Part 3 – Where are we going?

CHAPTER 4 – From Here to Eternity (Continued)

My Conduct Here Will Affect My Outcome in Glory

(The Relationship Between Our Present Position – Who I Am In Christ – And Our Ultimate Maturity At The Resurrection!)

In Ward Brandenstein’s introduction to chapter four he writes: “Life for the Christian, when viewed in its eternal aspects, gives a balanced perspective to the relationship of time and eternity to come.  Although we are not given the understanding to see how the daily experiences of life being lived in the present will relate to eternity, we are given many clear Scriptural statements that there is such a relationship.  Such a relationship is referred to in Philippians 1:6, `Being confident of this very thing, that He Who hath begun a good work in you will perform it until the day of Jesus Christ.’ This Scripture indicates that God is accomplishing a work in the life of each believer in the course of one’s earthly lifetime that will be on a continuum until the day of Jesus Christ, i.e., the day of His return. Let us consider Scriptures from the New Testament that will aid our understanding of the importance of present conduct to eternal realities. 

What will the final goal be for the Christian who knows who he is in Christ?” is an important question that might be asked as a person gains understanding as to his position in Christ.

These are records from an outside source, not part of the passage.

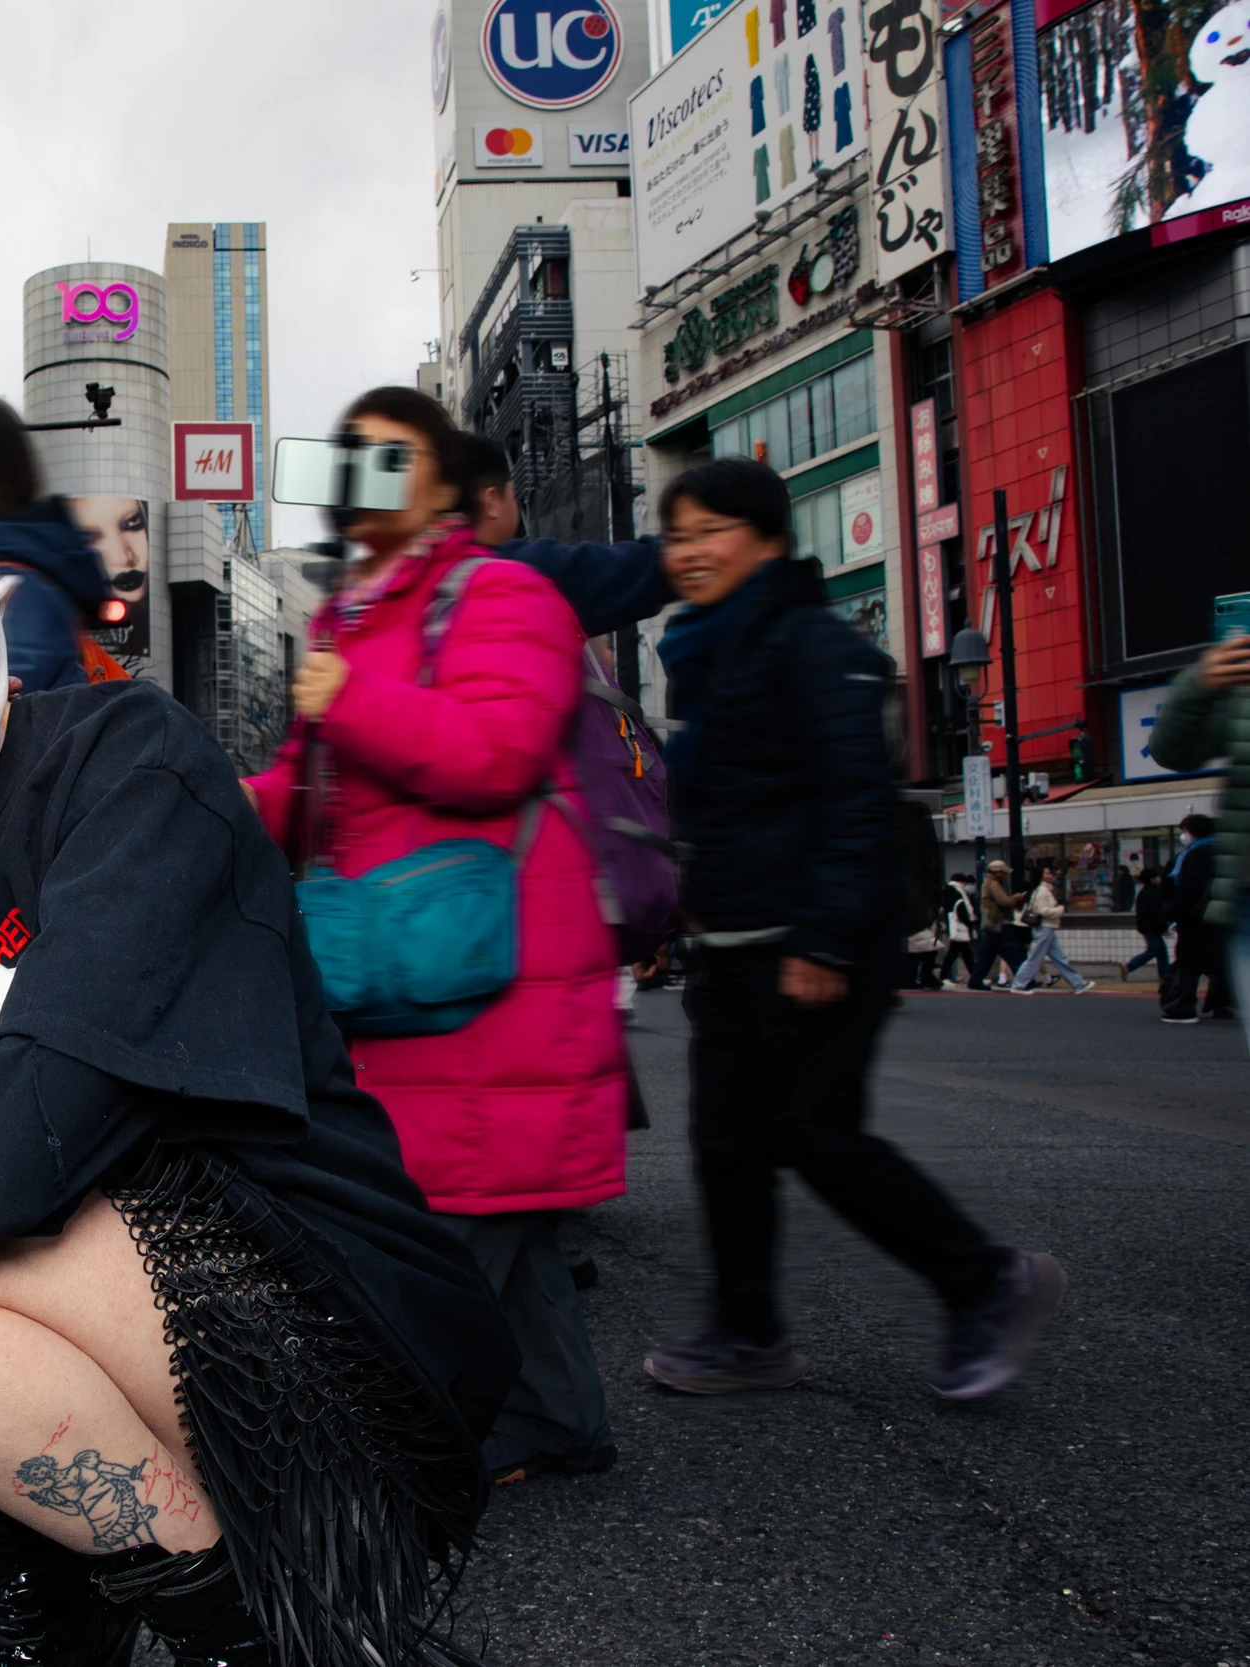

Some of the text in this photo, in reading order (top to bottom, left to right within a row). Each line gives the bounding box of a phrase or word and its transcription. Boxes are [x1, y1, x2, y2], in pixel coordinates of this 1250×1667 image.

[648, 67, 724, 148] Viscotecs
[672, 119, 695, 148] your
[699, 86, 734, 125] brand
[869, 0, 944, 252] もんじゃ
[574, 134, 629, 153] VISA
[971, 14, 1013, 274] 三千里薬品
[1222, 205, 1250, 222] Rak
[172, 240, 208, 248] INDIGO
[56, 282, 139, 341] 109
[194, 448, 233, 475] H&M

11. BEING STEADFAST IN LOVE – I Corinthians 13:12,13,

For now we see in a mirror, darkly; but then, face to face; now I know in part, but then shall I know even as also I am known.  And now abideth faith, hope, love, these three; but the greatest of these is love.

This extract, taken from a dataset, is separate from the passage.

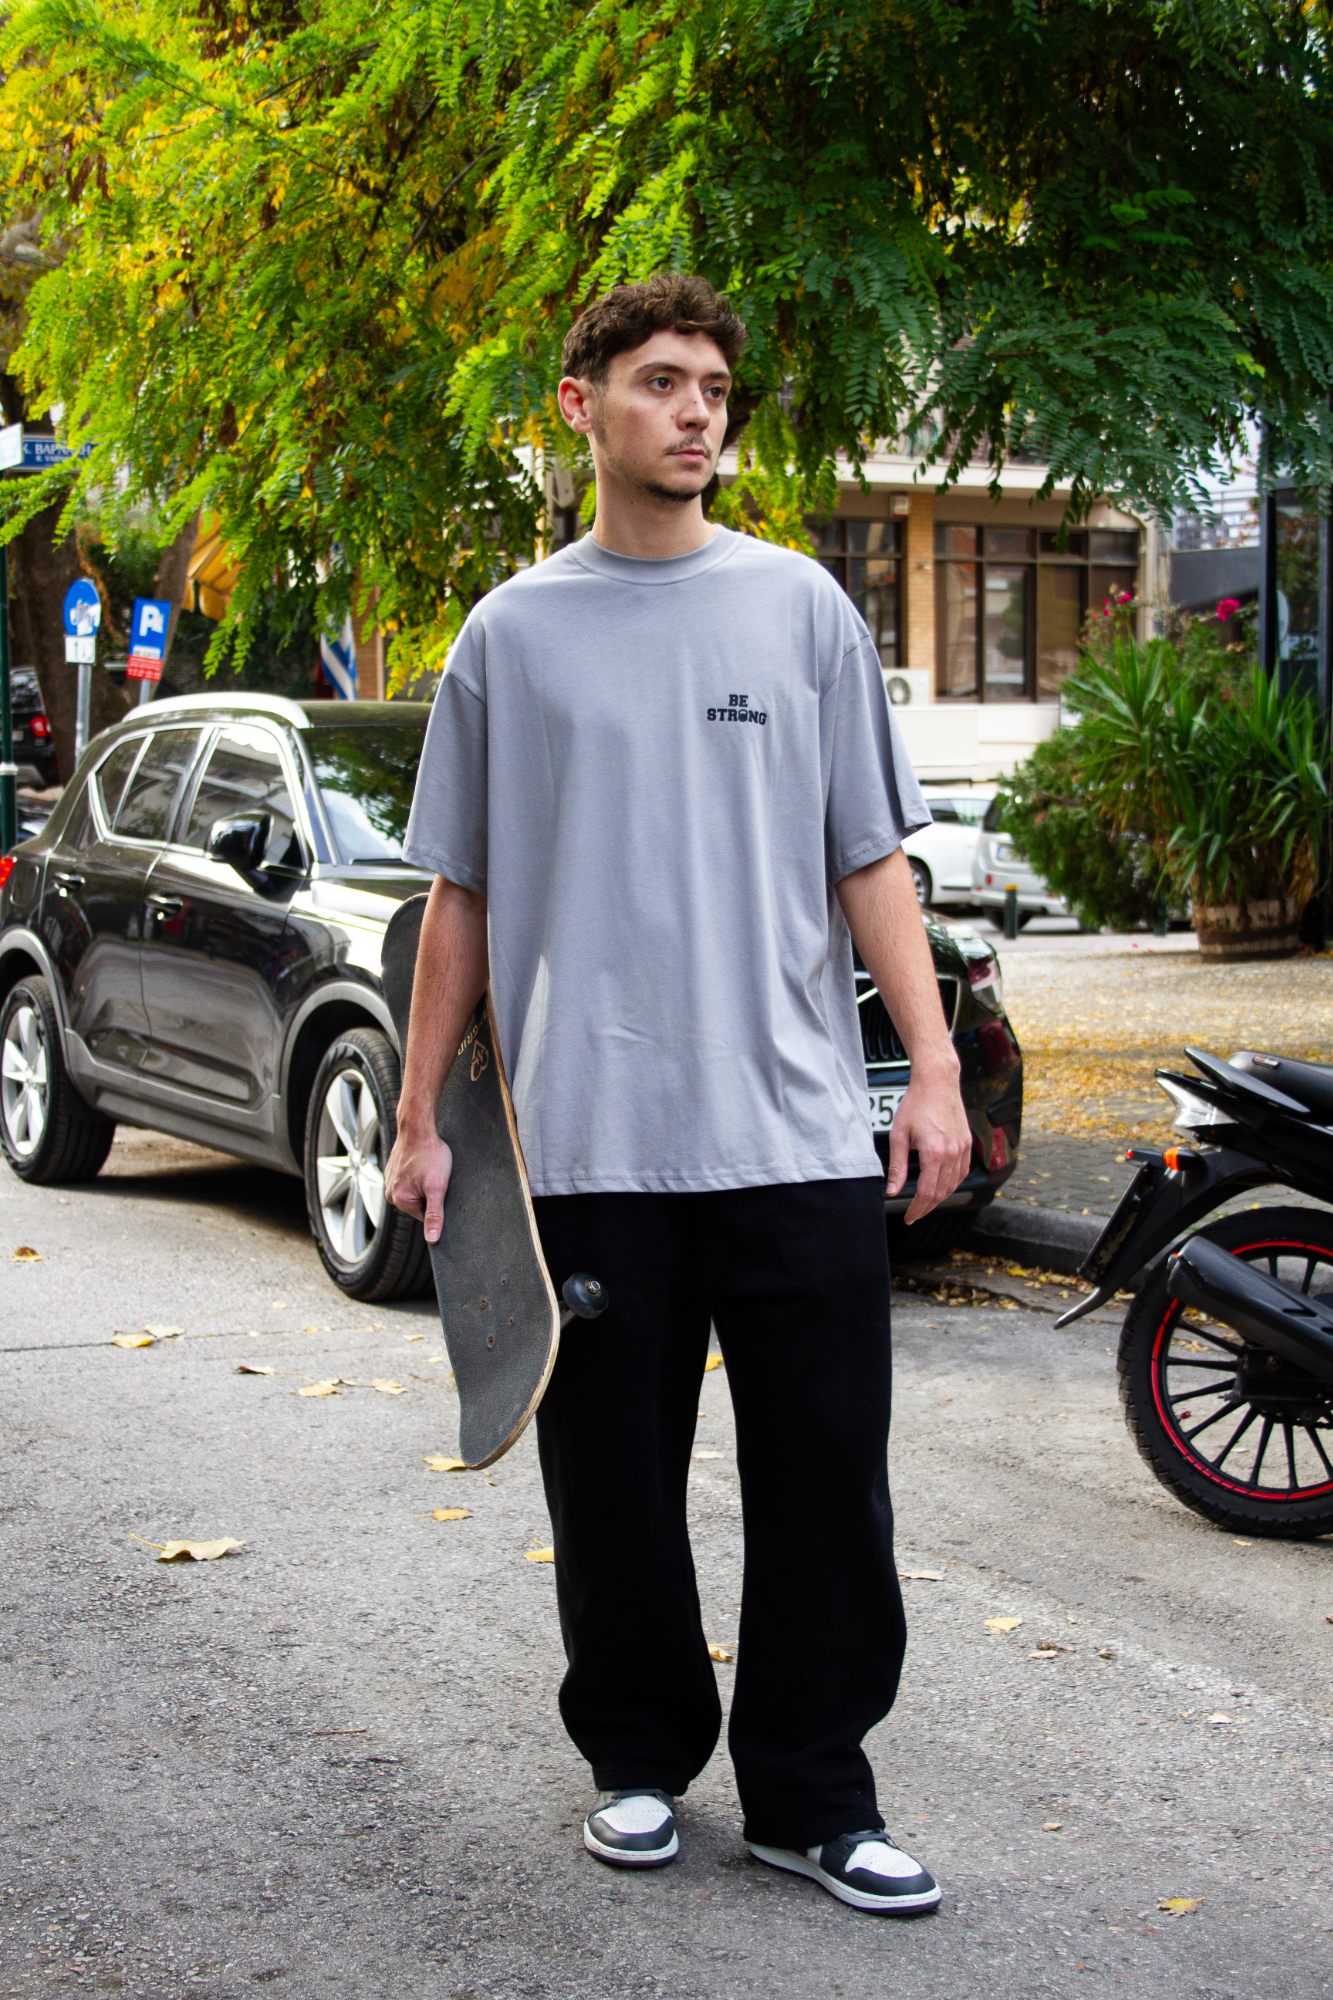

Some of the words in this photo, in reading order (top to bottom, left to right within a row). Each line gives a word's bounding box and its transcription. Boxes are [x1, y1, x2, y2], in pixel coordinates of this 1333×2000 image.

[139, 604, 161, 637] P
[728, 693, 749, 708] BE
[706, 708, 767, 726] STRONG

The contrast between the temporal and the eternal points out that our temporal vision is partial, but that our eternal perspective will be complete and entire in accordance with the complete way in which we are known of God.
The three virtues of faith, hope, and love (agape love) are continually abiding virtues needed throughout the earthly life of the believer.  Faith enables the believer to know spiritual things in the present; hope enables one to know things that are future; and love, which is a part of the fruit of the Spirit and which is ministered through one’s spirit by the Spirit of God, is for both time and eternity.  Faith and hope, necessary in our present existence, are temporal, not being needed in the eternal state; love abides forever!


But now is Christ risen from the dead and become the first fruits of them that slept.

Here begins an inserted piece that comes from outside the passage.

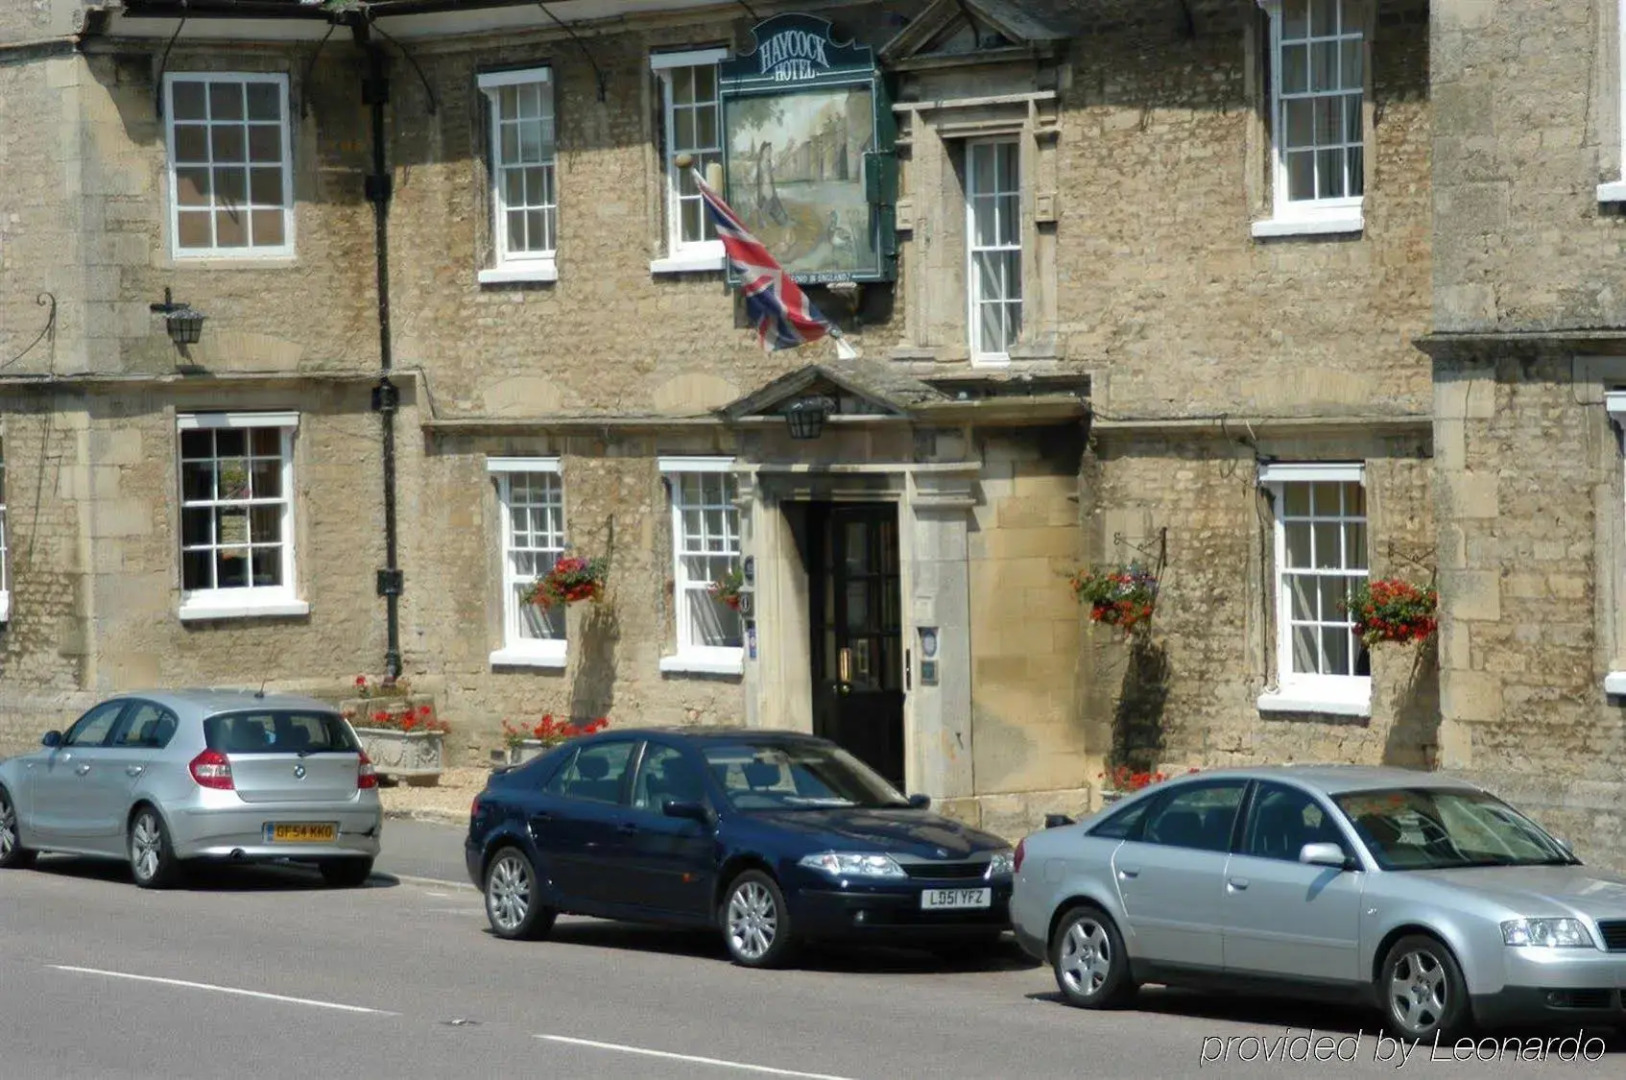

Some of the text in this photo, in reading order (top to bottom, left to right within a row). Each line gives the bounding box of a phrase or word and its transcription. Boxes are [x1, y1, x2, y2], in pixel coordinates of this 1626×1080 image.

[759, 30, 830, 74] HAYCOCK
[774, 59, 816, 82] HOTEL
[961, 890, 984, 904] YFZ

For since by man came death, by man came also the resurrection (from out) of the dead.

For as in Adam all die, even so in Christ shall all be made alive;

But every man in his own order: Christ the first fruits; afterward they that are Christ’s at His coming.

Then cometh the end, when He shall have delivered up the kingdom to God, even the Father, when He shall have put down all rule and all authority and power.

For He must reign, till He hath put all enemies under His feet.

The last enemy that shall be destroyed is death.

For He (God) hath put all things under His (Christ’s) feet.  But when He saith all things are put under Him, it is manifest that He is excepted Who did put all things under Him.

And when all things shall be subdued unto Him, then shall the Son also Himself be subject unto Him that put all things under Him that God may be all in all.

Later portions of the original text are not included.